Pourtant, il reste des choses, et pas des moindres… Du matériel directement en relation avec la série de base, qui est repris dans ce gros dernier volume de l’intégrale de Sandman, mais aussi d’autres choses, un peu plus éloignées, comme les mini-séries consacrées à la Mort (j’espère qu’Urban Comics en fera quelque chose…), ou encore la série The Dreaming (que je ne connais pas du tout) ; sans même parler de The Sandman : Overture, « préquelle » toute récente qui est semble-t-il au programme de traduction.
Mais restons-en à ce qui figure dans ce volume. Tout d’abord, nous avons « La Dernière Histoire de Sandman », un très bref épisode hors-série qui, en fait d’ « histoire de Sandman », est bien davantage un mélange de souvenirs et de réflexions de Neil Gaiman sur sa célèbre création, passant par l’évocation de coïncidences troublantes, mettant en scène des rencontres entre l’auteur et ses personnages (comme la Mort, bien sûr, mais aussi quelqu’un de bien autrement secondaire, comme le démon Choronzon). L’intérêt, cependant – au-delà de cette ambiance certes pas désagréable – réside surtout dans le graphisme : c’est Dave McKean lui-même qui s’en charge, avec sa maestria coutumière. Collaborateur privilégié de Gaiman tout au long de leurs carrières respectives, il a réalisé maints chefs-d’œuvre avec son style si particulier (ce qui vaut aussi, bien sûr, pour ses travaux avec d’autres, comme par exemple l’indispensable Batman : Arkham Asylum avec Grant Morrison, ou en solo, comme l’étonnant Cages), mais son rôle dans Sandman consistait surtout en l’élaboration des couvertures (pour le moins marquantes et inédites alors…), puis en l’assemblage et l’habillage des TPB de la série ; ici, il narre une histoire, et son style s’avère tout aussi approprié, pour un résultat fantastique.

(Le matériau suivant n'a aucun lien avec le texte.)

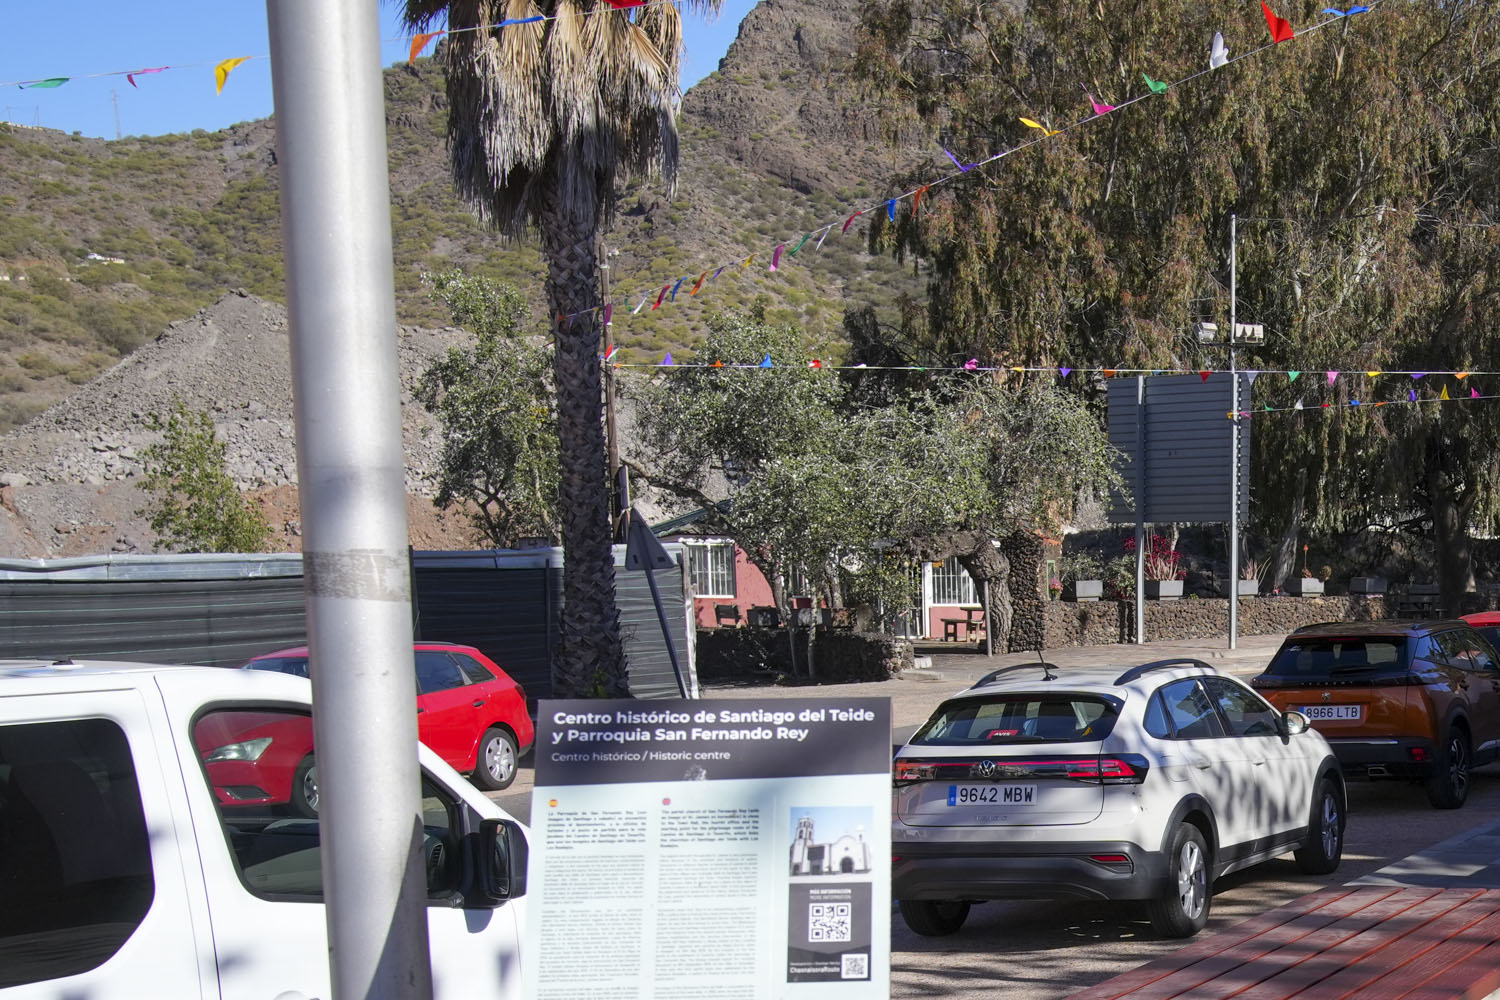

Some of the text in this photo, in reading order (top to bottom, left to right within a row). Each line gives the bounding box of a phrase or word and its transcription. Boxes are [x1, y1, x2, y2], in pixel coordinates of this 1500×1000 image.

Comme vous avez déjà pu le noter au fil de ce (long, très long…) compte rendu, ce volume 7 de Sandman brille tout particulièrement sur le plan graphique – et cela ne cessera de se vérifier jusqu’à la fin. D’ores et déjà, cependant, après Michael Zulli, John J. Muth et Dave McKean, il faut accorder une place toute particulière à Yoshitaka Amano, qui illustre le récit de Neil Gaiman Les Chasseurs de Rêves avec un brio incroyable – à vrai dire, en passant de la bande dessinée à l’illustration, on change complètement de domaine, et l’appréciation est à son tour d’un autre ordre… Je ne vais pas revenir ici sur l’histoire narrée par Neil Gaiman, l’ayant déjà présentée à l’occasion du cinquième volume de cette intégrale, où figurait l’adaptation en bande dessinée, par P. Craig Russell, du présent récit. Je l’avais beaucoup appréciée, et aussi en matière de graphisme : P. Craig Russell est à n’en pas douter un des plus talentueux dessinateurs à s’être succédé sur Sandman. Mais là… C’est autre chose. P. Craig Russell a fait quelque chose de beau et bien vu, aucun doute à cet égard – mais Yoshitaka Amano joue dans une tout autre catégorie, et son travail sur le conte nippon fantasmé de Gaiman est pour ainsi dire extraordinaire… Au passage, on n’oubliera pas de s’attarder sur la postface du récit par Neil Gaiman lui-même, un très joli canular. J’y note aussi la déclaration d’intention de Yoshitaka Amano, annonçant de futures collaborations avec Gaiman… mais c’était il y a un bail.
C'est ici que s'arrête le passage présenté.